Le CNRD s’attelle à réduire les immenses charges héritées du régime précédent et qui sont disséminées dans bien de secteurs de la vie nationale. On retiendra qu’auparavant, l’ancien régime s’est souvent employé à supporter, non sans peine et dommages, des charges aussi diverses qu’inopportunes. Cette politique menée tous azimuts et qui n’a rien apporté de bien concret aux populations, a impacté de nombreux aspects ou domaines de la vie socio-économique du pays.

Les nouvelles autorités se consacrent donc à mettre fin aux immenses préjudices que cette ligne de conduite a engendrés, en termes de dilapidation et d’émiettement des biens publics.

Dans cet assortiment de domaines évoqués, le cas du parc automobile de l’Etat n’a pas été occulté. Il figure en bonne place dans les secteurs à assainir. Et c’est dans ce cadre qu’il faut placer la vente aux enchères des nombreux véhicules V8 de la Présidence. Un parc qui était là, très onéreux à entretenir et à réparer et surtout, qui n’avait d’autre utilité que d’en rajouter au prestige de ses utilisateurs, déjà largement comblés sur ce plan et sur bien d’autres encore.

Au terme de cette opération d’assainissement, il va sans dire que l’Etat va toujours avoir son parc auto à lui, ce qui, souveraineté oblige, va de soi et s’inscrit en droite ligne des règles connues et validées en la matière. Mais, en comparaison, ce parc sera bien plus ‘’modeste’’ que le précédent. Cependant, il faut souligner que les projections faites montrent bien que ce minimum de véhicules qui va rester couvre les besoins en la matière. Ce qui revient à dire que ce secteur doit être managé, bien mieux qu’avant.

Il y va de l’économie nationale à soutenir, de la sécurité des déplacements officiels à renforcer et de l’image du pays à soigner et à préserver.

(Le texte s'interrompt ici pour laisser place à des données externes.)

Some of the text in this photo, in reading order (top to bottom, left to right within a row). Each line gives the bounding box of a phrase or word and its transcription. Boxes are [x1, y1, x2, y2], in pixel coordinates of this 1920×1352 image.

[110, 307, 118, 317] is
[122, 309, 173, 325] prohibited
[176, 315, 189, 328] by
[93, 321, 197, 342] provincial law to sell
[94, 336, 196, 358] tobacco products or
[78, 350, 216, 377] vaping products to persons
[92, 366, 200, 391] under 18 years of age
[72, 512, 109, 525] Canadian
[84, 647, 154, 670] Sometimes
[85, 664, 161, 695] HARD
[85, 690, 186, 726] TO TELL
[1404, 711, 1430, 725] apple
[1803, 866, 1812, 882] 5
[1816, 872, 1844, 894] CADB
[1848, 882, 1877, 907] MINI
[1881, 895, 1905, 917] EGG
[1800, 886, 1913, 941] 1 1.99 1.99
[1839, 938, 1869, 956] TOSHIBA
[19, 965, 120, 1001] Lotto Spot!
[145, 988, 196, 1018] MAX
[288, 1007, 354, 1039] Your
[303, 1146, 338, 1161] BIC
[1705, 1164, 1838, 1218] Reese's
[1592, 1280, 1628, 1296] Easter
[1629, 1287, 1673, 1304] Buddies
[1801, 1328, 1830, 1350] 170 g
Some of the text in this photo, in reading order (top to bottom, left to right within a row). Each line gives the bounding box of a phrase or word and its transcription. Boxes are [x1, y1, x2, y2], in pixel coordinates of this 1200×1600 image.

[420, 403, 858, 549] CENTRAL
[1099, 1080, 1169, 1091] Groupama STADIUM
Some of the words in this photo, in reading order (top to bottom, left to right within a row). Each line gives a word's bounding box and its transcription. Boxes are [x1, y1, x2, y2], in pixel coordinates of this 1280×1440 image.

Pour rendre cette vision effective et pérenne, il faut des mesures de divers ordres. Parmi celles-ci, nous citerons la remise à niveau et/ou la formation professionnelle qui sont les outils indispensables pour transformer et qualifier les personnels. A notre sens, les autorités doivent les réactiver sans attendre. On y gagne en renforcement des capacités. Les chauffeurs vont mieux se conduire, au plan de la tenue et du comportement; mieux conduire leur véhicule en respectant le code de la route et les règles de la circulation, et aussi, ils vont mieux entretenir ledit véhicule, pour en garantir la pérennité.